Fogarty Fellow Dr Jennifer Tang researches women's health in Malawi
September / October 2014 | Volume 13, Issue 5
Photo courtesy of Dr. Jennifer Tang
Dr. Jennifer Tang aims to help improve the health
prospects of women in Malawi as a researcher as
well as an obstetrician-gynecologist.
By Cathy Kristiansen
Dr. Jennifer Tang remembers a 19-year-old patient arriving at the hospital in Malawi desperately ill, her uterus ruptured and severely infected, and her baby dead. Although Tang's surgical team rushed into action, the patient died a few hours later. Tang said what compounded the tragedy was how the woman's family had taken her to two other health centers, only to be turned away due to lack of specialists and equipment for a Cesarean section. "She had done the right thing, seeking help, but faced multiple barriers and ended up dying," Tang said. "Those kinds of stories stay with me."
Malawi has a very high maternal death rate - one in 34, according to the World Bank - and the reasons are not fully understood. Many factors might contribute, aside from the lack of medical specialists, including a high total fertility rate of 5.7 live births per woman, low modern contraceptive use and a high HIV prevalence - 11 percent of adults.
Tang aims to help improve the health prospects of women in Malawi as a researcher as well as an obstetrician-gynecologist. Receiving a Fogarty fellowship enabled her to explore making research part of her career. Fogarty's Global Health Program for Fellows and Scholars provides one-year, mentored clinical research experiences overseas for postdoctoral Fellows and pre-doctoral Scholars, helping to foster the next generation of clinical investigators and to build global health partnerships between U.S. and other researchers and institutions.
"The fellowship made me a better physician-scientist," Tang said. "It gave me protected time and research funding so that I could focus on learning how to develop and implement clinical research projects in this resource-limited setting."
For her fellowship project, she assessed family planning knowledge, attitudes and practices among 634 postpartum women. Although more than 80 percent of the women were planning to use one of two long-term, reversible contraceptives to avoid another pregnancy, three months later very few women had followed through. Only 14 percent used a hormonal implant and 1 percent had an intrauterine device (IUD).

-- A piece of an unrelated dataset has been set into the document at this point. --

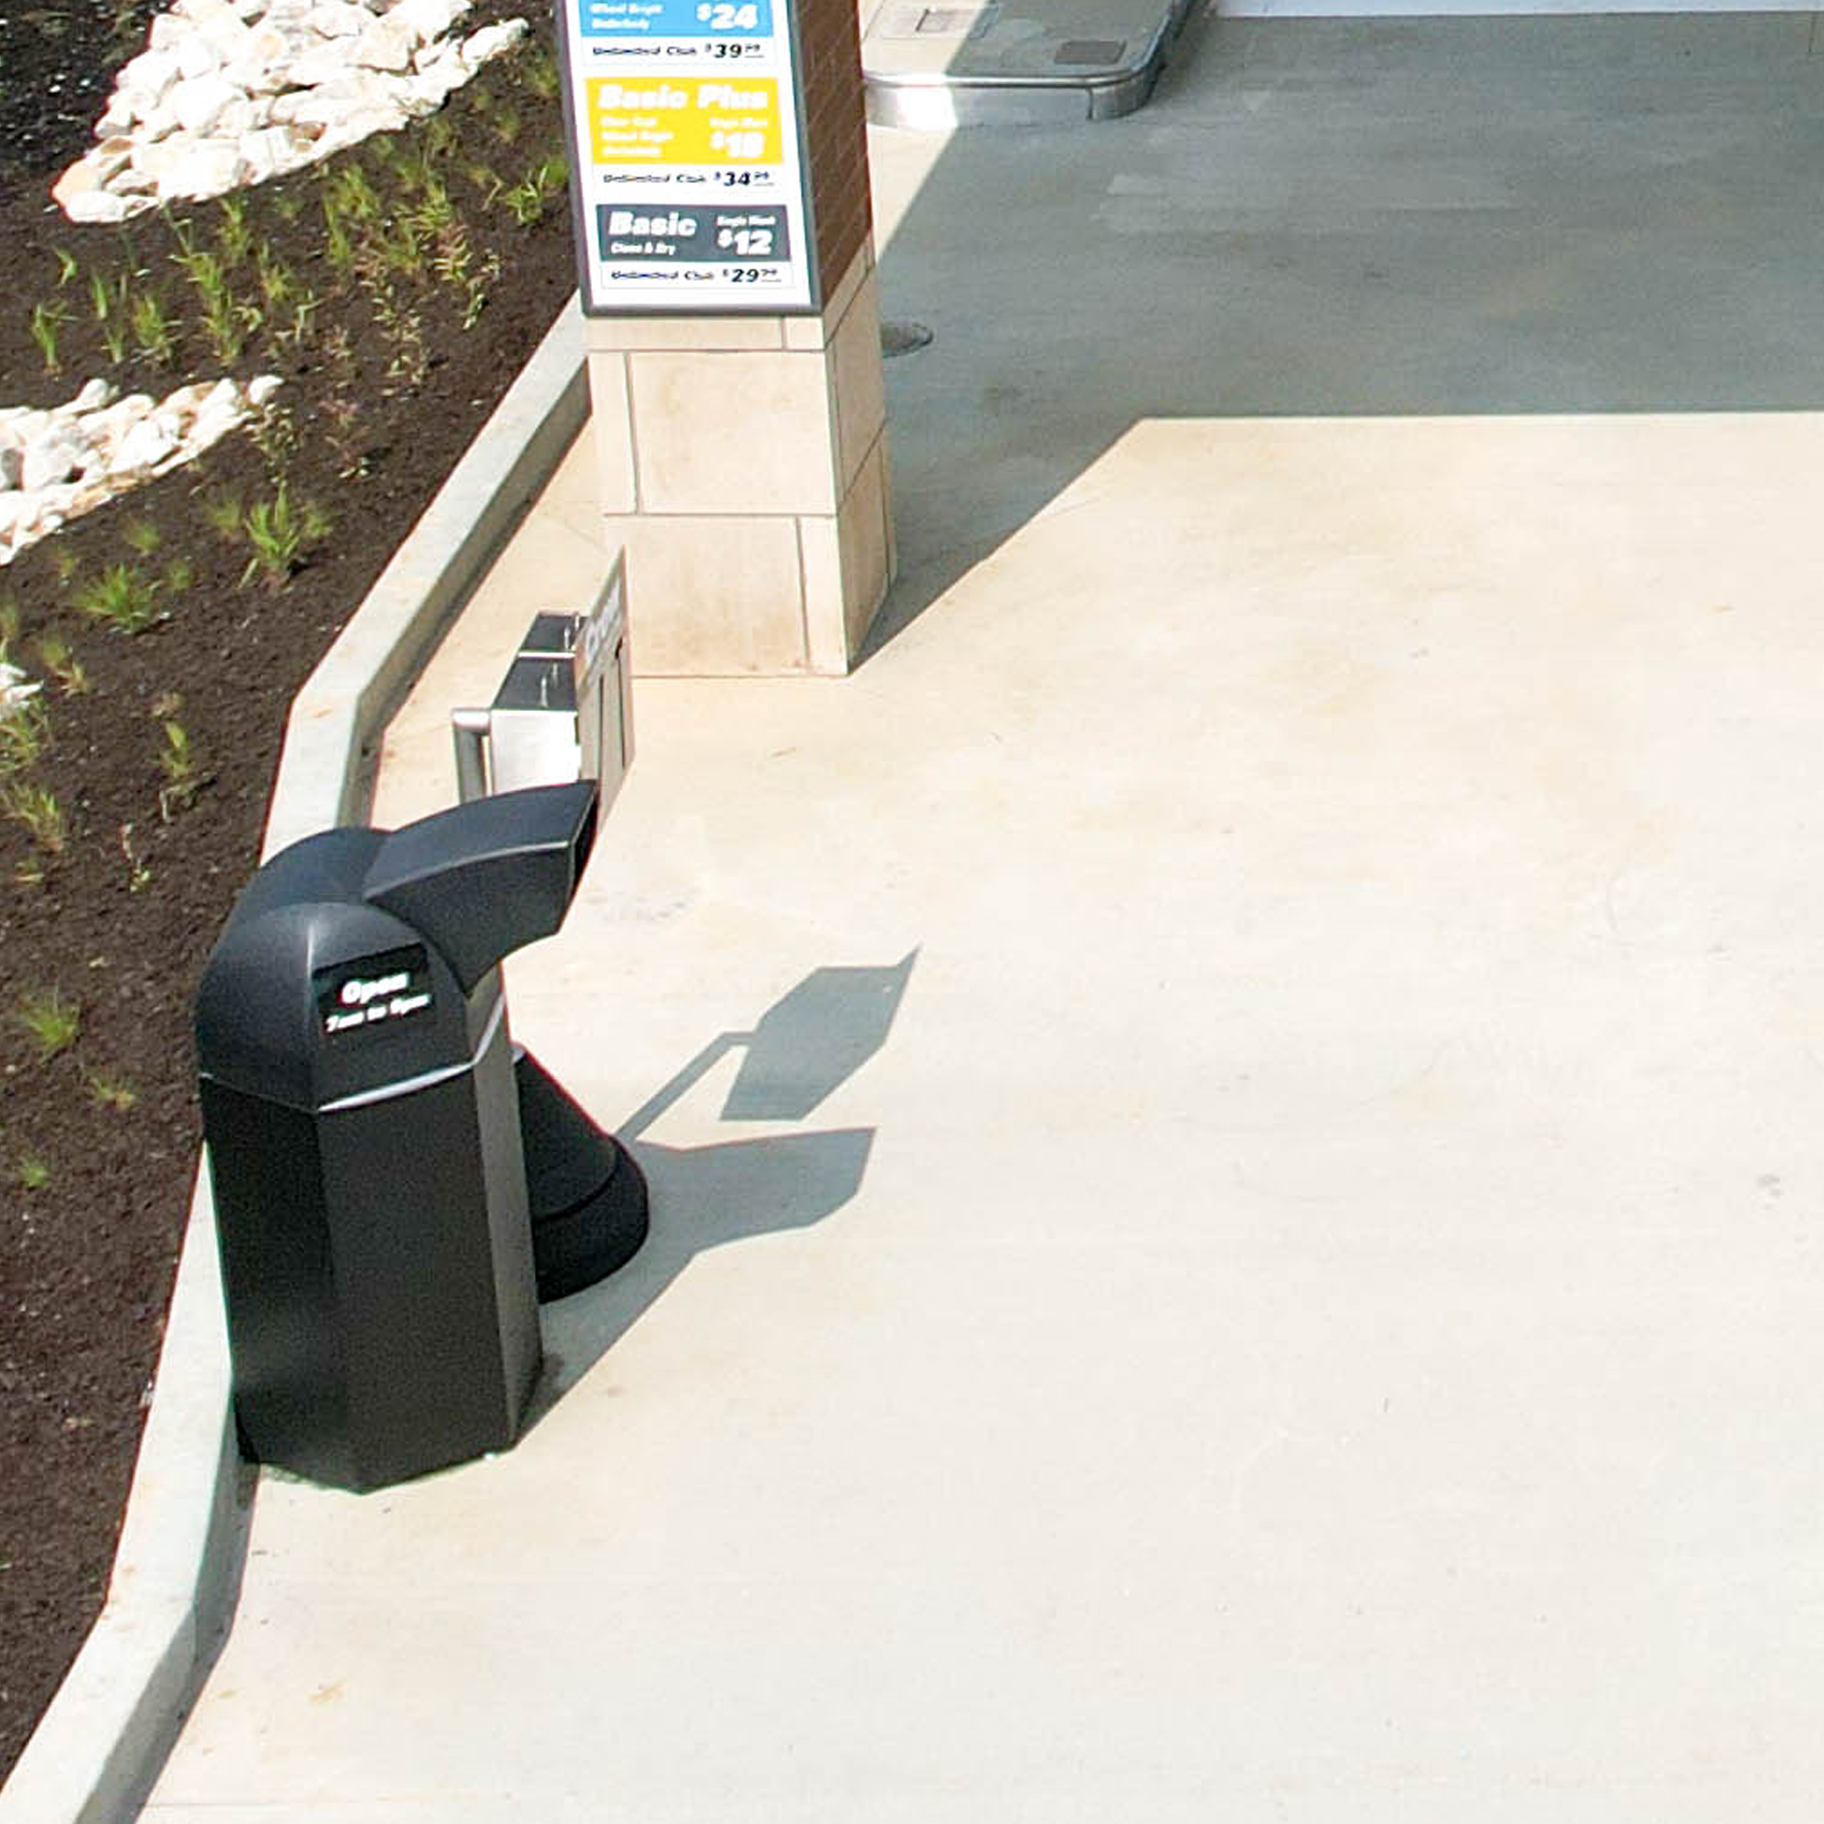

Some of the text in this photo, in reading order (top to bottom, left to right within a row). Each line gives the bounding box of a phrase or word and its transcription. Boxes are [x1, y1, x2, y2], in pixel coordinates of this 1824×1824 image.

Tang also found the largest influence driving whether women were on a contraceptive was having correct knowledge about their safety. She hopes to design an educational intervention for antenatal and postpartum women on the safety of IUDs and implants.
Now, Tang has secured funding to expand her research in Malawi through 2017, including a Fogarty career development award and grants through the University of North Carolina Center for AIDS Research, World Bank, CDC, and the Bill and Melinda Gates Foundation. "The Fogarty fellowship gave me the on-the-ground experience I needed to successfully continue and expand my research work, as well as mentor other Fogarty Fellows," she said, adding that in time, she hopes to apply for a multiyear NIH award.
Tang's newest project is investigating whether the common progestin-only injectable contraceptive, depot medroxyprogesterone acetate (DMPA), might raise the risk of HIV infection - unlike contraceptives using different forms of progestin - as some studies suggest. "The biological reason for this potential association is not well understood, although it may be related to changes in genital tract immunology and microbiology caused by DMPA," Tang said. She will evaluate inflammation indicators and other changes in women at risk for HIV after they embark on either DMPA or another progestin contraceptive.
During her fellowship and subsequently, Tang has helped build Malawi's medical capacity. She staffs and conducts training in a cervical cancer screening clinic and instructs residents in Malawi's first obstetrics-gynecology residency program, which she helped to found in September 2013. She mentors students and has participated in additional research projects, including a cross-sectional study evaluating the characteristics of women with obstetric fistula.
As she develops her career and contributes to capacity building in Malawi, she hopes that in the future, people like the young woman in labor will receive lifesaving care that they need and deserve.